| TO DO |
Pictures stay out; everything else in the listing below is to be restated word for word.
Top of DATA IN THIS EXERCISE
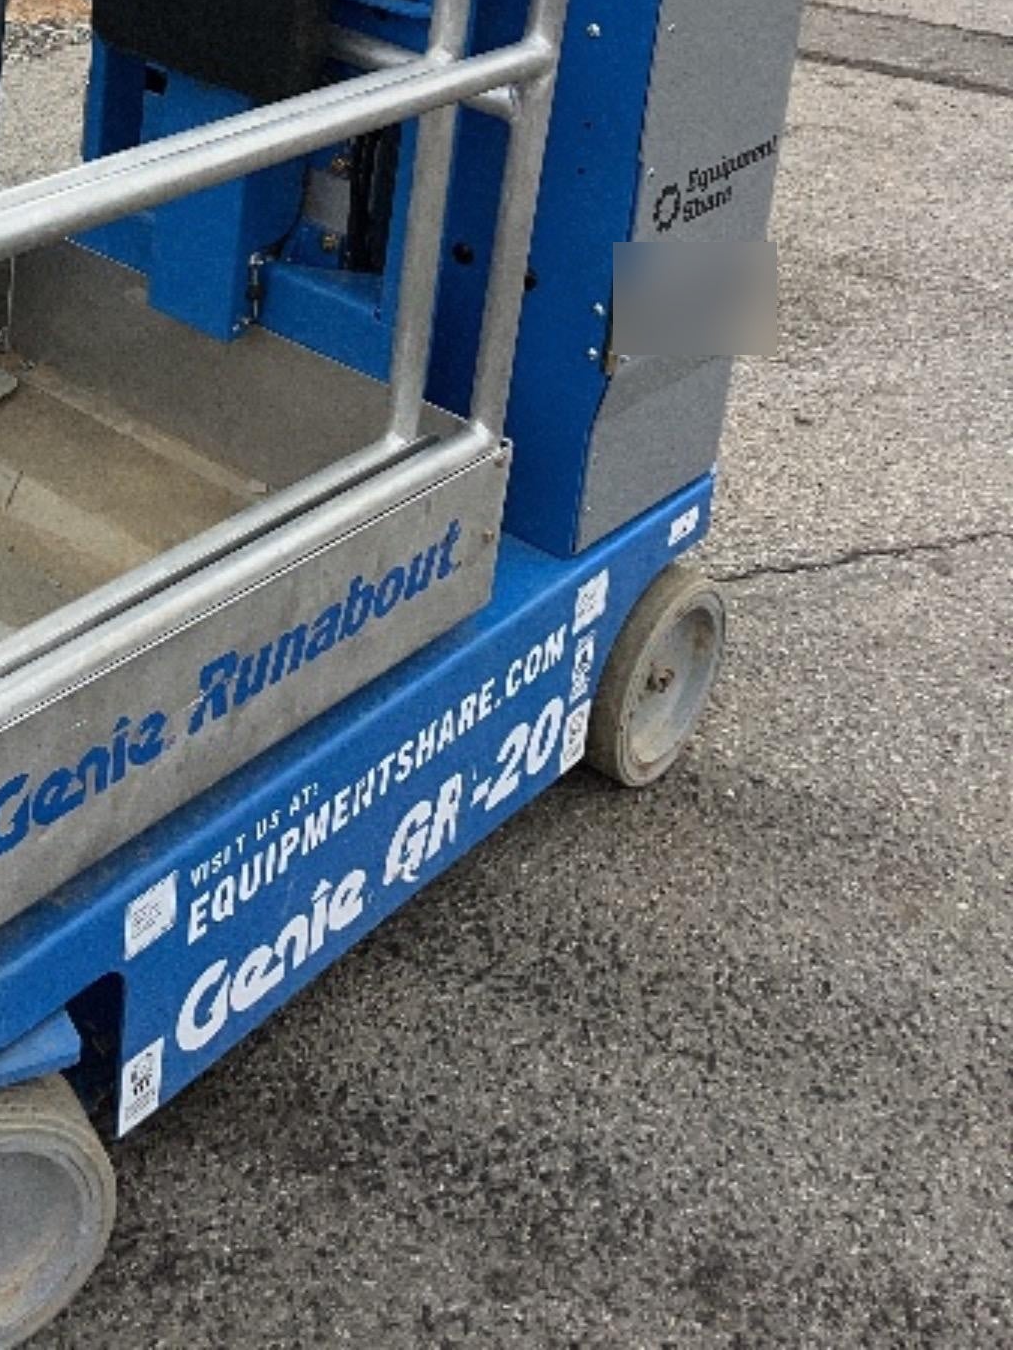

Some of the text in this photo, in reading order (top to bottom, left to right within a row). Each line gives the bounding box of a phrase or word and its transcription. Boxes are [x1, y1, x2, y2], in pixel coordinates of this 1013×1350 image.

[188, 518, 462, 736] Runabout
[187, 622, 568, 947] EQUIPMENTSHARE.COM
[190, 833, 246, 888] VISIT
[255, 809, 281, 841] US
[175, 868, 368, 1052] Genie
Bottom of DATA IN THIS EXERCISE
| RESULT OF THE EXERCISE |
Some of the text in this photo, in reading order (top to bottom, left to right within a row). Each line gives the bounding box of a phrase or word and its transcription. Boxes are [x1, y1, x2, y2], in pixel coordinates of this 1013×1350 image.

[188, 518, 462, 736] Runabout
[187, 622, 568, 947] EQUIPMENTSHARE.COM
[190, 833, 246, 888] VISIT
[255, 809, 281, 841] US
[175, 868, 368, 1052] Genie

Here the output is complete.